# Which tool



## MattE (Mar 14, 2011)

Hi

New member here. I am preparing my house for sale and this site has been very helpful. 

I need to remove 3' x 5' tiled area in front of my fire place. This will be removing the tiles and the backer board (which was glued to floor with liquid nails and some screws)

I am thinking of getting an oscillating tool to do the job rather cleanly as the room is just painted hence dust will be a problem.

As far as I can see on the internet there are 4 main osc. tools in the market.

FEIN - probably the best one but expensive about twice the price of the others
Bosch - battery runs out about 5 -7 minutes
Rockwell - looks like best compromise quality vs price
Dremel - too filmsy and loud

Also there are HF and other brands selling about 1/4 the price of Rockwell etc but I doubt the quality.

I need to complete the job tomorrow, so plan is to go out in the morning and buy the tool, come home remove the tiles and backer board, rip the carpet off so that carpet guys can install new carpet next day.

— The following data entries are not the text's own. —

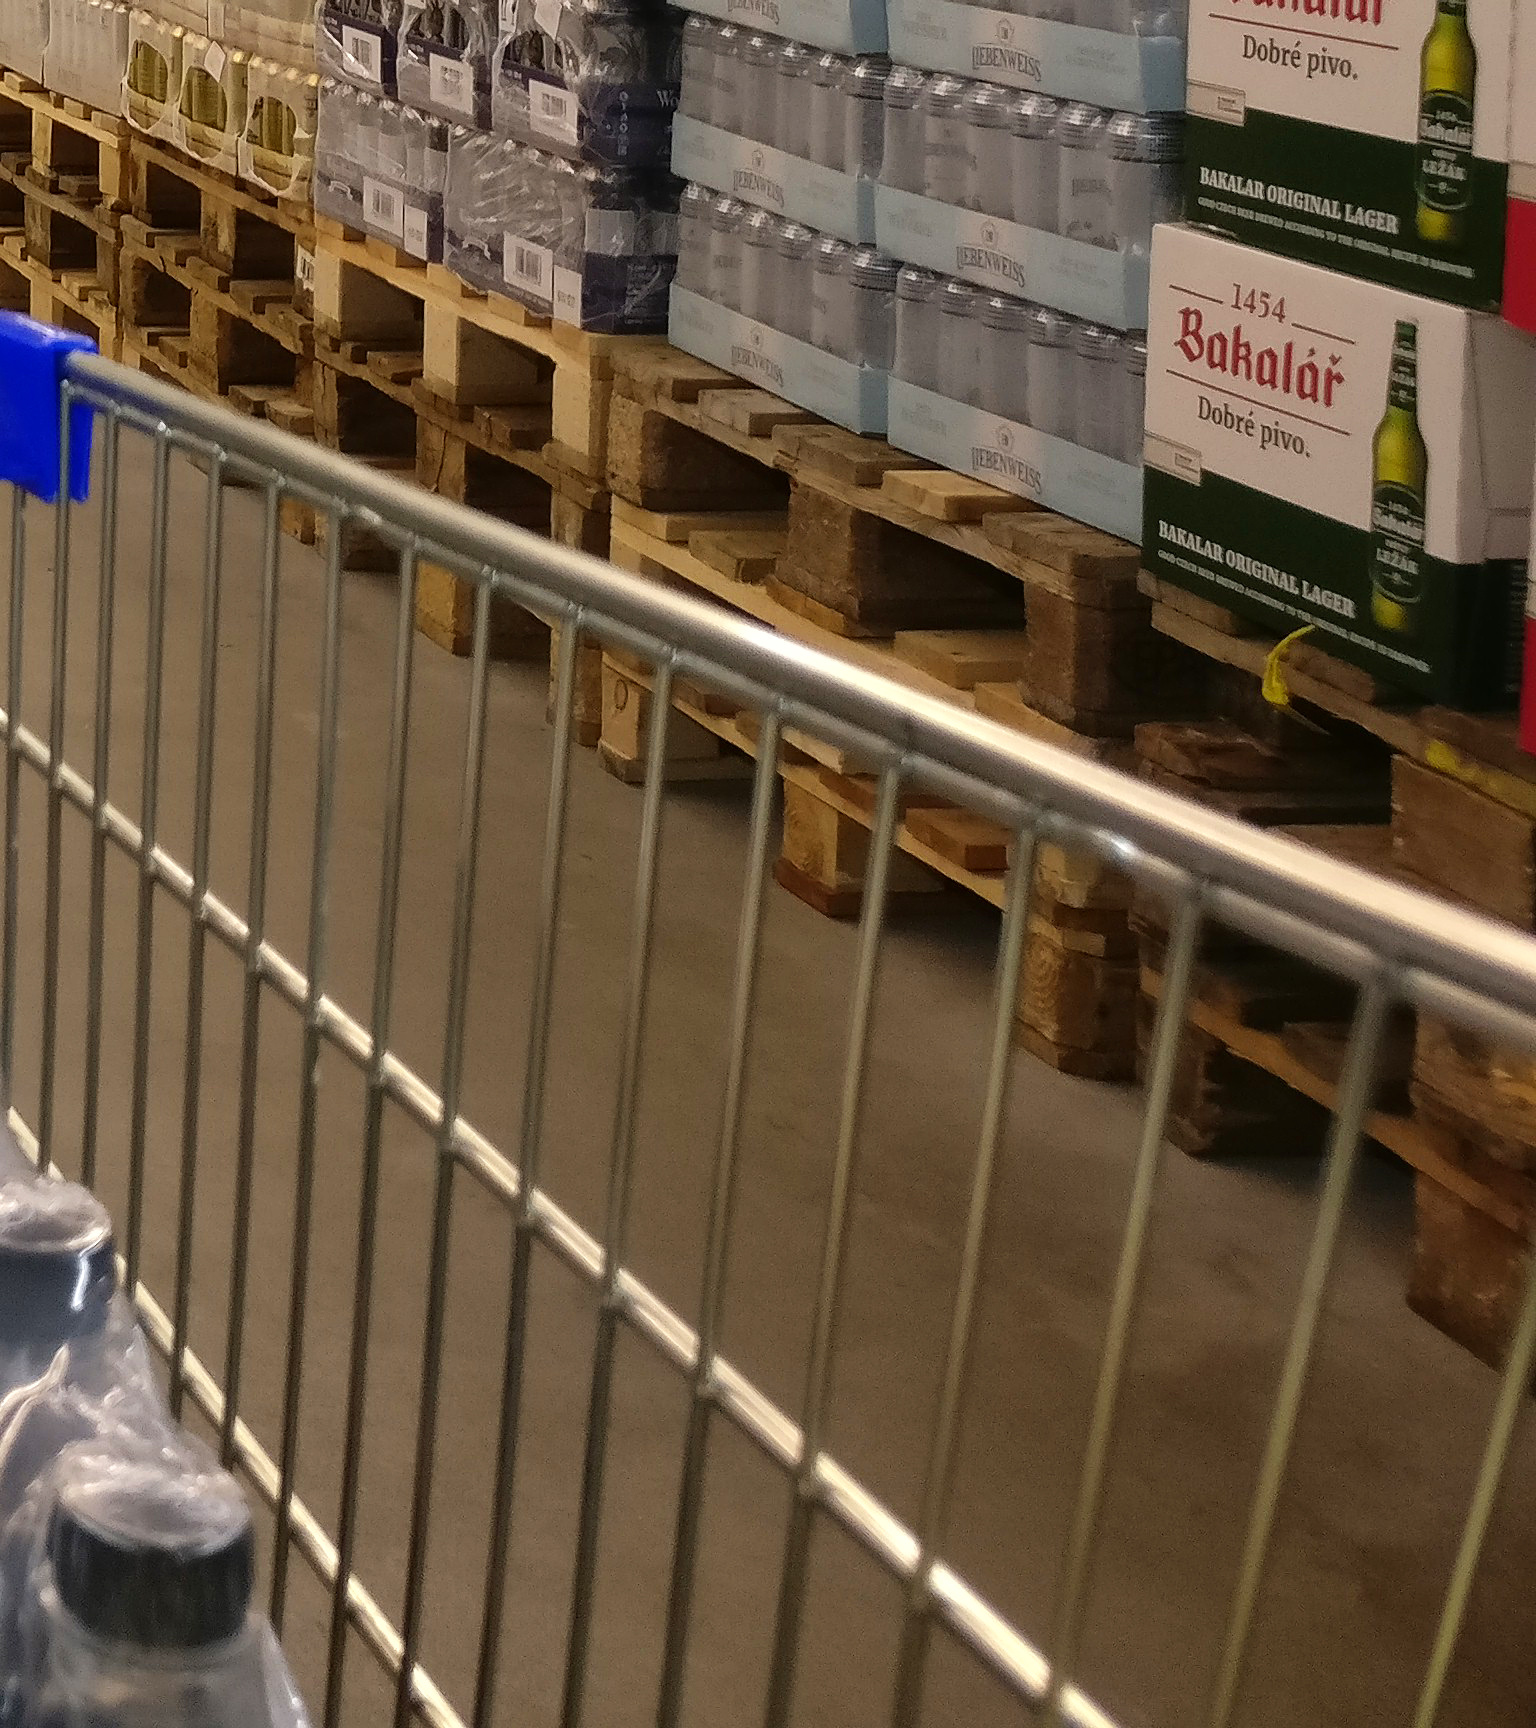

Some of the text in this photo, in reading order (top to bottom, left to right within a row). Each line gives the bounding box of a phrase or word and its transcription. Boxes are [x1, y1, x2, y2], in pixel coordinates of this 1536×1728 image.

[1242, 33, 1358, 80] Dobré pivo.
[1198, 166, 1401, 236] BAKALAR ORIGINAL LAGER
[1229, 282, 1287, 324] 1454
[1172, 306, 1347, 408] Bakalář
[1196, 395, 1312, 460] Dobré pivo.
[1158, 518, 1357, 620] BAKALAR ORIGINAL LAGER
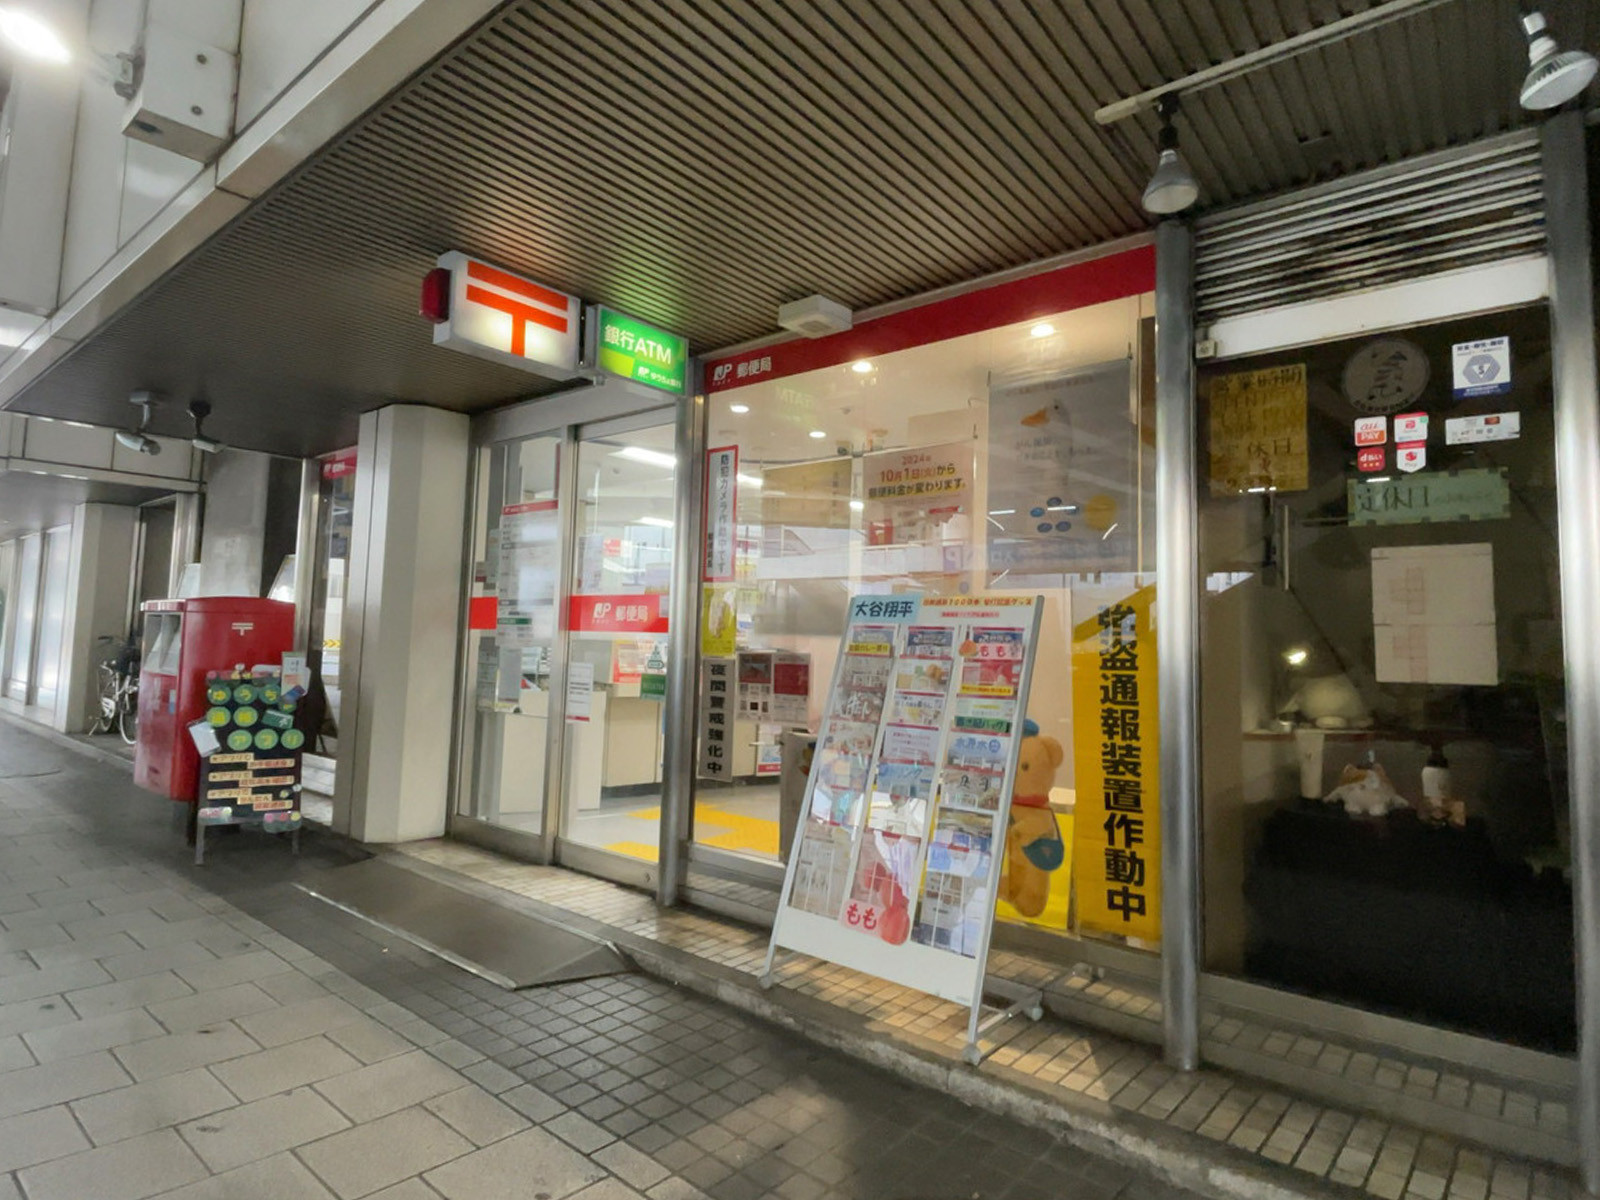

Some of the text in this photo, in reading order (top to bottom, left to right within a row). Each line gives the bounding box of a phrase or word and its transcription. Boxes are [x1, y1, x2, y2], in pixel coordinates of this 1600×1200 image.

[604, 324, 673, 365] 銀行ATM
[713, 357, 772, 381] JP 郵便局
[901, 455, 931, 466] 2024年
[868, 478, 966, 499] 郵便料金が変わります。
[615, 605, 649, 622] 郵便局
[855, 601, 914, 618] 大谷翔平
[706, 664, 727, 774] 夜間警戒強化中
[846, 903, 877, 930] もも

The tool should be good enough to complete the job and continue to serve me in the future projects

I am leaning towards Rockwell but not sure 
- Is an osc. tool right tool for this task,
- if yes what brand to buy

Appreciate comments and suggestions

Thanks
Matt


----------



## PaliBob (Jun 11, 2008)

Matt, Welcome to the Forum

If you still have AC power & are in a hurry, I would go for the nearest AC powered tool available.
Get some cheap plastic drop cloths & build an enclosure around the area.
Make sure to use a dust mask.

Good Luck.
.


----------



## Jackofall1 (Dec 5, 2010)

Hi and Welcome MattE, to the best darn DIY'r site on the web.

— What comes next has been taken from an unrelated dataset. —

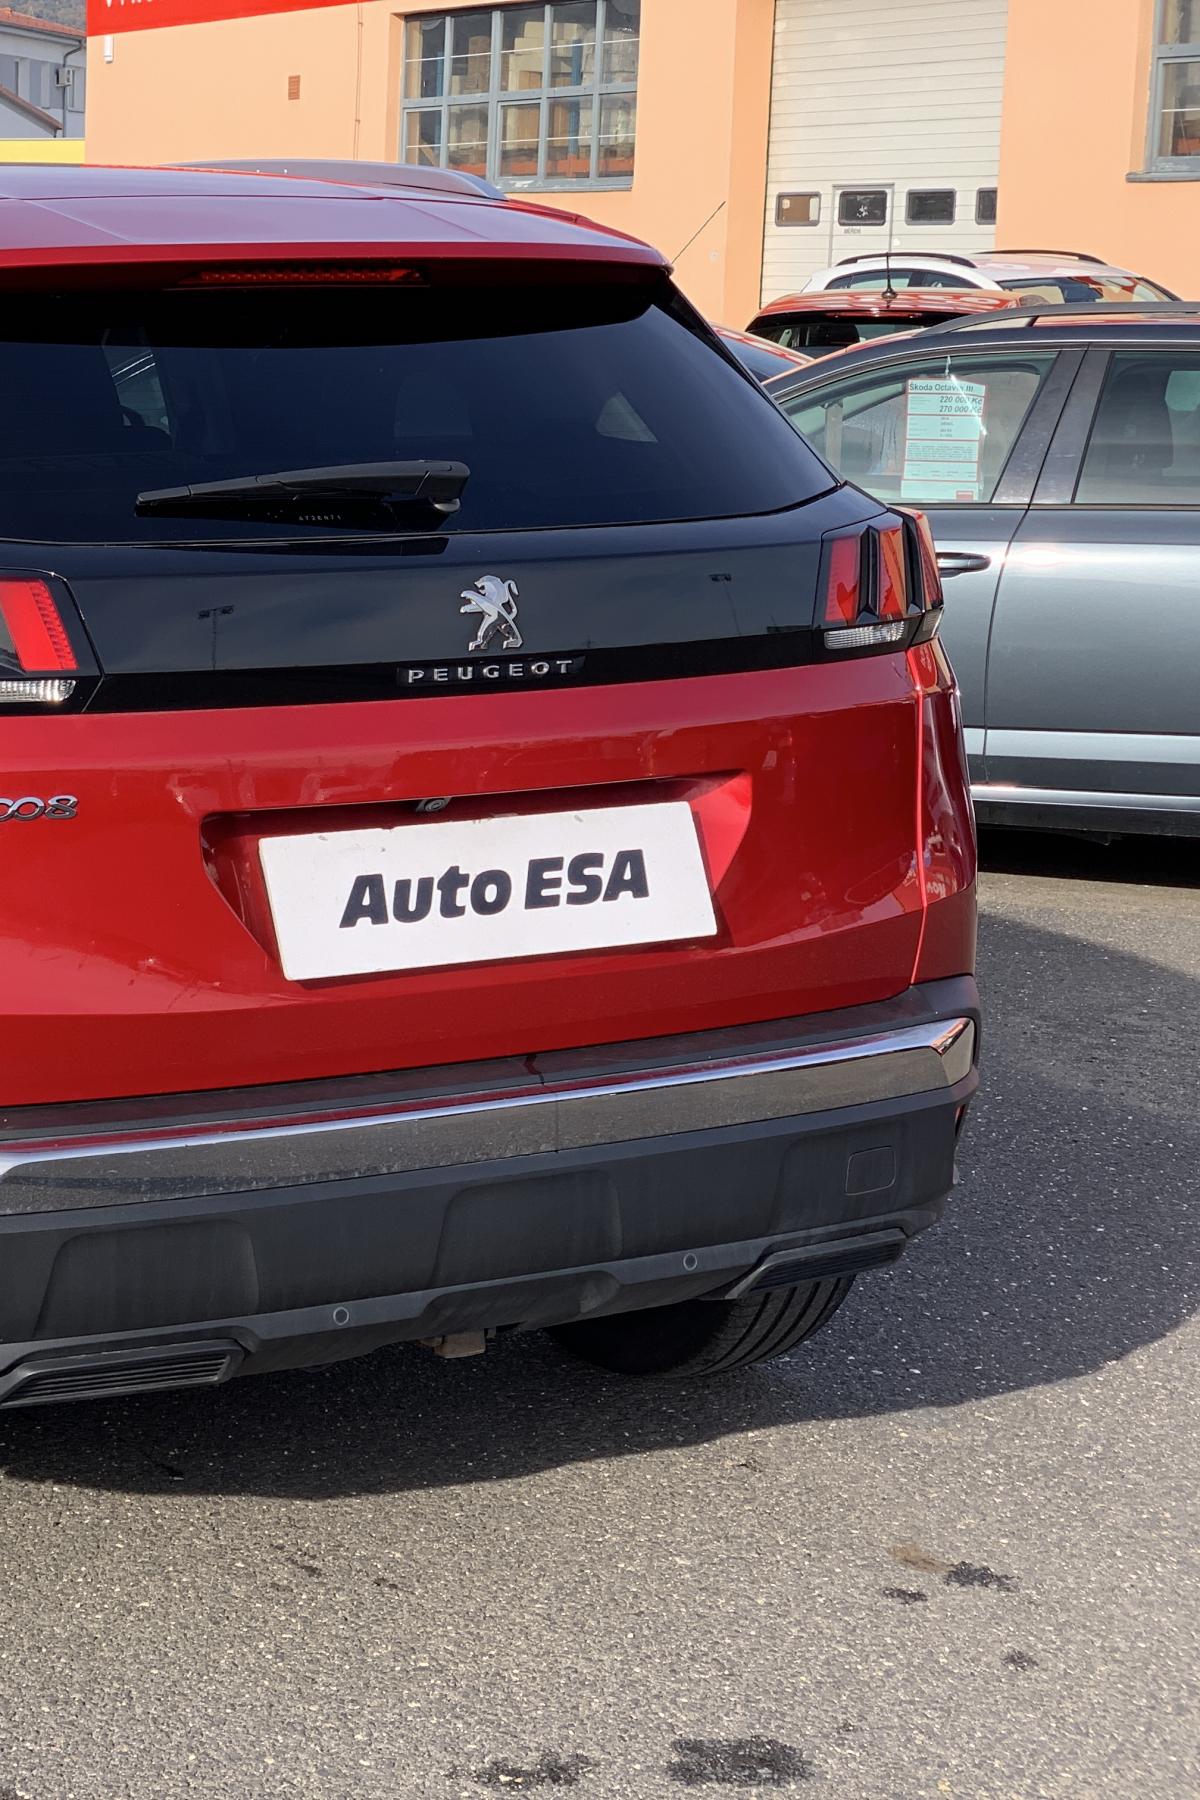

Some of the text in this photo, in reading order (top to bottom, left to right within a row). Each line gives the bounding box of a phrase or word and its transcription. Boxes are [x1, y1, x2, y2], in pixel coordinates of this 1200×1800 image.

Going with Bob's idea, isolate the immediate area and run you shop vac in to control the dust. Then cut the parimeter of the tiled area right through the sub floor and remove the entire thing.

Replace subfloor as needed, lot less hastle, you may have to add some short supports where the old and new floor meet.

Mark


----------



## SDC (Feb 18, 2009)

3x5 area....
Use a hammer a cold chisel and a shop vac and save your money for something else. Break it up, scrape it down even sand the high spots of glue if needed.
Tools, good or not will not replace plain old fashion elbow grease....:thumbsup:


----------



## hyunelan2 (Aug 14, 2007)

I vote for the HF oscillating tool. If it's not a tool you are going to use often, and it's 1/4th the price, buy it, use it, break it, repeat up to 4x. My HF Oscillating tool is probably nowhere near the best in the category, but it's done what I've asked when I needed it and cost less than $40.


----------



## Mr Chips (Mar 23, 2008)

SDC said:


> 3x5 area....
> Use a hammer a cold chisel and a shop vac and save your money for something else. Break it up, scrape it down even sand the high spots of glue if needed.
> Tools, good or not will not replace plain old fashion elbow grease....:thumbsup:


I was thinking the same, except going with a wider chisel, like a masons or even a flooring chisel ( retail price $10 - $15 just about anywhere) this method is a little more work, but a lot less expensive, and might actually make less of a mess. If you still want an oscillating tool, you can take your time, do some research, and wait for a deal rather than being forced to "panic buy"


----------



## WirelessG (Mar 22, 2009)

hyunelan2 said:


> I vote for the HF oscillating tool. If it's not a tool you are going to use often, and it's 1/4th the price, buy it, use it, break it, repeat up to 4x. My HF Oscillating tool is probably nowhere near the best in the category, but it's done what I've asked when I needed it and cost less than $40.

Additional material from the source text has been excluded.